═════ ENTRIES SHOWN

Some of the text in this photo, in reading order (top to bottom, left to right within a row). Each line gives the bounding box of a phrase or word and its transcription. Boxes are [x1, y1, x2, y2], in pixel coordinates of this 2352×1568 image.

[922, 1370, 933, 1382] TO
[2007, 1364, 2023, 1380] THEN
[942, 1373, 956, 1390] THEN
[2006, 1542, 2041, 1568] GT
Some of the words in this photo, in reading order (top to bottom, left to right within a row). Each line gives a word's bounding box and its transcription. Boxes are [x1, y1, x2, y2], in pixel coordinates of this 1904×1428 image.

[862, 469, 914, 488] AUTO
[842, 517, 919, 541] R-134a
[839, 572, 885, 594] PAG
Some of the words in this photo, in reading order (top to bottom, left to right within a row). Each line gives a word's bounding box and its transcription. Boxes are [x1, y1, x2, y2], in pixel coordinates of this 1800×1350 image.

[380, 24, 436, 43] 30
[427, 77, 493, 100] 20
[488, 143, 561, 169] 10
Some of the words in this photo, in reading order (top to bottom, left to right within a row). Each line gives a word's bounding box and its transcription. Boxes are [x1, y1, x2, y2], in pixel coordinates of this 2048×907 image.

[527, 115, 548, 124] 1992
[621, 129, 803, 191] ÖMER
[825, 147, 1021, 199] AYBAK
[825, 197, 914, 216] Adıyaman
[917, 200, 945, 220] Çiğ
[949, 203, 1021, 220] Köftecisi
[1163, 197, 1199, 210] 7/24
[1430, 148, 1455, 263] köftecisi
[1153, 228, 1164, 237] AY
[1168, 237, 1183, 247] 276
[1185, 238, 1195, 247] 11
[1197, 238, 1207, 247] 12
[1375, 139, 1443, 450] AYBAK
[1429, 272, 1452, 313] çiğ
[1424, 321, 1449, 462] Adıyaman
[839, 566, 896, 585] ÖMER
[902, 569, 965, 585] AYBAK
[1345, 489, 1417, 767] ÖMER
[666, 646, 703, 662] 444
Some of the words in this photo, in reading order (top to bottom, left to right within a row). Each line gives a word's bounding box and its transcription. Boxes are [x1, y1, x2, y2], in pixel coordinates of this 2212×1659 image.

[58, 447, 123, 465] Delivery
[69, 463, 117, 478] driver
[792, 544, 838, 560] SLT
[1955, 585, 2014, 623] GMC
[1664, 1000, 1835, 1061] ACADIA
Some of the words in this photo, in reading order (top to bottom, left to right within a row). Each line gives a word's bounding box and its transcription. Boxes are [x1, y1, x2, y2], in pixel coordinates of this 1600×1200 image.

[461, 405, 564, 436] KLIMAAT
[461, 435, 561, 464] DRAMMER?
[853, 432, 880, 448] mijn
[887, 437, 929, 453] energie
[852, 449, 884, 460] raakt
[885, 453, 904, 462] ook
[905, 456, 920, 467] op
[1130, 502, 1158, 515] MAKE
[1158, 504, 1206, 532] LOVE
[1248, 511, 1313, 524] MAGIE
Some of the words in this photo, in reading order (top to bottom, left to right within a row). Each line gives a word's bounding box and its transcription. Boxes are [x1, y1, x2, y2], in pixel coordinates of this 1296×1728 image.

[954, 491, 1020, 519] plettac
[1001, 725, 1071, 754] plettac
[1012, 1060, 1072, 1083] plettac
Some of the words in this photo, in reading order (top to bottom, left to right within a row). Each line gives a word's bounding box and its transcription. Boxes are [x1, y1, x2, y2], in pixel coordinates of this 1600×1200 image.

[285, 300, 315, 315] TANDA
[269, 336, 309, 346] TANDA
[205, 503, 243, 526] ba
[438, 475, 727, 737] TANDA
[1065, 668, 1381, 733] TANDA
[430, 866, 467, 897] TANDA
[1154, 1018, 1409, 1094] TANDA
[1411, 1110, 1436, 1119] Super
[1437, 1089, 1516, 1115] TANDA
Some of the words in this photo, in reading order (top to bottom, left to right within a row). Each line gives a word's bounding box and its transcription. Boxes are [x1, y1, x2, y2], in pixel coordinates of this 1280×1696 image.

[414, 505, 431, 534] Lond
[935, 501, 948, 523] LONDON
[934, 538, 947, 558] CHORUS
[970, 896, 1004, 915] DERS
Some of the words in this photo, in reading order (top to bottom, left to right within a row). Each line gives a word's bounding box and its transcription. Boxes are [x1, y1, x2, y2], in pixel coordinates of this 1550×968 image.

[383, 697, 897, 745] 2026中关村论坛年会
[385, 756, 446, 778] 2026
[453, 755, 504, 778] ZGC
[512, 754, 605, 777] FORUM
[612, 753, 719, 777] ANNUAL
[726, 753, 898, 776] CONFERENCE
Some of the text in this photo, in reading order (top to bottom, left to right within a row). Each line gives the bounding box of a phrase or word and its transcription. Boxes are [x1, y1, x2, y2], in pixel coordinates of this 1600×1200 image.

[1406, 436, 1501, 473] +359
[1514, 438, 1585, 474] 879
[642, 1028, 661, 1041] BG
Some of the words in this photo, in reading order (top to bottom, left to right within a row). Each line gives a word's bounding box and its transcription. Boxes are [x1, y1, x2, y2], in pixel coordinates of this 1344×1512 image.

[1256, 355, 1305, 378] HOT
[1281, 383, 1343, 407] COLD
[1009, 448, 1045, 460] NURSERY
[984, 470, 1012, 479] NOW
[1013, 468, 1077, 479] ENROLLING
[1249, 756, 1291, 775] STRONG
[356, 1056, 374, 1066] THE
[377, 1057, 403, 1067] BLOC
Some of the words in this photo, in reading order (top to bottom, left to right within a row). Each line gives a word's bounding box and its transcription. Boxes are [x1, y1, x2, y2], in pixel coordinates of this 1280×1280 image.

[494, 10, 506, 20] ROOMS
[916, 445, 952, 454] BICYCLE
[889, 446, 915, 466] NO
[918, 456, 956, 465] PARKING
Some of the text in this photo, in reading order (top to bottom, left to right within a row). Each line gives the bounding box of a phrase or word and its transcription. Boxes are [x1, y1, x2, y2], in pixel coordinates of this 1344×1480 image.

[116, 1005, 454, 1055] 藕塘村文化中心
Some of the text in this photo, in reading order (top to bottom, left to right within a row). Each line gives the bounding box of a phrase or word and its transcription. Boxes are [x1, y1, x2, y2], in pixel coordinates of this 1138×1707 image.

══════════

WORK INSTRUCTION - All of the entries above should be output exactly as they are.

EXERCISE RESPONSE -
Some of the text in this photo, in reading order (top to bottom, left to right within a row). Each line gives the bounding box of a phrase or word and its transcription. Boxes are [x1, y1, x2, y2], in pixel coordinates of this 2352×1568 image.

[922, 1370, 933, 1382] TO
[2007, 1364, 2023, 1380] THEN
[942, 1373, 956, 1390] THEN
[2006, 1542, 2041, 1568] GT
Some of the words in this photo, in reading order (top to bottom, left to right within a row). Each line gives a word's bounding box and its transcription. Boxes are [x1, y1, x2, y2], in pixel coordinates of this 1904×1428 image.

[862, 469, 914, 488] AUTO
[842, 517, 919, 541] R-134a
[839, 572, 885, 594] PAG
Some of the words in this photo, in reading order (top to bottom, left to right within a row). Each line gives a word's bounding box and its transcription. Boxes are [x1, y1, x2, y2], in pixel coordinates of this 1800×1350 image.

[380, 24, 436, 43] 30
[427, 77, 493, 100] 20
[488, 143, 561, 169] 10
Some of the words in this photo, in reading order (top to bottom, left to right within a row). Each line gives a word's bounding box and its transcription. Boxes are [x1, y1, x2, y2], in pixel coordinates of this 2048×907 image.

[527, 115, 548, 124] 1992
[621, 129, 803, 191] ÖMER
[825, 147, 1021, 199] AYBAK
[825, 197, 914, 216] Adıyaman
[917, 200, 945, 220] Çiğ
[949, 203, 1021, 220] Köftecisi
[1163, 197, 1199, 210] 7/24
[1430, 148, 1455, 263] köftecisi
[1153, 228, 1164, 237] AY
[1168, 237, 1183, 247] 276
[1185, 238, 1195, 247] 11
[1197, 238, 1207, 247] 12
[1375, 139, 1443, 450] AYBAK
[1429, 272, 1452, 313] çiğ
[1424, 321, 1449, 462] Adıyaman
[839, 566, 896, 585] ÖMER
[902, 569, 965, 585] AYBAK
[1345, 489, 1417, 767] ÖMER
[666, 646, 703, 662] 444
Some of the words in this photo, in reading order (top to bottom, left to right within a row). Each line gives a word's bounding box and its transcription. Boxes are [x1, y1, x2, y2], in pixel coordinates of this 2212×1659 image.

[58, 447, 123, 465] Delivery
[69, 463, 117, 478] driver
[792, 544, 838, 560] SLT
[1955, 585, 2014, 623] GMC
[1664, 1000, 1835, 1061] ACADIA
Some of the words in this photo, in reading order (top to bottom, left to right within a row). Each line gives a word's bounding box and its transcription. Boxes are [x1, y1, x2, y2], in pixel coordinates of this 1600×1200 image.

[461, 405, 564, 436] KLIMAAT
[461, 435, 561, 464] DRAMMER?
[853, 432, 880, 448] mijn
[887, 437, 929, 453] energie
[852, 449, 884, 460] raakt
[885, 453, 904, 462] ook
[905, 456, 920, 467] op
[1130, 502, 1158, 515] MAKE
[1158, 504, 1206, 532] LOVE
[1248, 511, 1313, 524] MAGIE
Some of the words in this photo, in reading order (top to bottom, left to right within a row). Each line gives a word's bounding box and its transcription. Boxes are [x1, y1, x2, y2], in pixel coordinates of this 1296×1728 image.

[954, 491, 1020, 519] plettac
[1001, 725, 1071, 754] plettac
[1012, 1060, 1072, 1083] plettac
Some of the words in this photo, in reading order (top to bottom, left to right within a row). Each line gives a word's bounding box and its transcription. Boxes are [x1, y1, x2, y2], in pixel coordinates of this 1600×1200 image.

[285, 300, 315, 315] TANDA
[269, 336, 309, 346] TANDA
[205, 503, 243, 526] ba
[438, 475, 727, 737] TANDA
[1065, 668, 1381, 733] TANDA
[430, 866, 467, 897] TANDA
[1154, 1018, 1409, 1094] TANDA
[1411, 1110, 1436, 1119] Super
[1437, 1089, 1516, 1115] TANDA
Some of the words in this photo, in reading order (top to bottom, left to right within a row). Each line gives a word's bounding box and its transcription. Boxes are [x1, y1, x2, y2], in pixel coordinates of this 1280×1696 image.

[414, 505, 431, 534] Lond
[935, 501, 948, 523] LONDON
[934, 538, 947, 558] CHORUS
[970, 896, 1004, 915] DERS
Some of the words in this photo, in reading order (top to bottom, left to right within a row). Each line gives a word's bounding box and its transcription. Boxes are [x1, y1, x2, y2], in pixel coordinates of this 1550×968 image.

[383, 697, 897, 745] 2026中关村论坛年会
[385, 756, 446, 778] 2026
[453, 755, 504, 778] ZGC
[512, 754, 605, 777] FORUM
[612, 753, 719, 777] ANNUAL
[726, 753, 898, 776] CONFERENCE
Some of the text in this photo, in reading order (top to bottom, left to right within a row). Each line gives the bounding box of a phrase or word and its transcription. Boxes are [x1, y1, x2, y2], in pixel coordinates of this 1600×1200 image.

[1406, 436, 1501, 473] +359
[1514, 438, 1585, 474] 879
[642, 1028, 661, 1041] BG
Some of the words in this photo, in reading order (top to bottom, left to right within a row). Each line gives a word's bounding box and its transcription. Boxes are [x1, y1, x2, y2], in pixel coordinates of this 1344×1512 image.

[1256, 355, 1305, 378] HOT
[1281, 383, 1343, 407] COLD
[1009, 448, 1045, 460] NURSERY
[984, 470, 1012, 479] NOW
[1013, 468, 1077, 479] ENROLLING
[1249, 756, 1291, 775] STRONG
[356, 1056, 374, 1066] THE
[377, 1057, 403, 1067] BLOC
Some of the words in this photo, in reading order (top to bottom, left to right within a row). Each line gives a word's bounding box and its transcription. Boxes are [x1, y1, x2, y2], in pixel coordinates of this 1280×1280 image.

[494, 10, 506, 20] ROOMS
[916, 445, 952, 454] BICYCLE
[889, 446, 915, 466] NO
[918, 456, 956, 465] PARKING
Some of the text in this photo, in reading order (top to bottom, left to right within a row). Each line gives the bounding box of a phrase or word and its transcription. Boxes are [x1, y1, x2, y2], in pixel coordinates of this 1344×1480 image.

[116, 1005, 454, 1055] 藕塘村文化中心
Some of the text in this photo, in reading order (top to bottom, left to right within a row). Each line gives the bounding box of a phrase or word and its transcription. Boxes are [x1, y1, x2, y2], in pixel coordinates of this 1138×1707 image.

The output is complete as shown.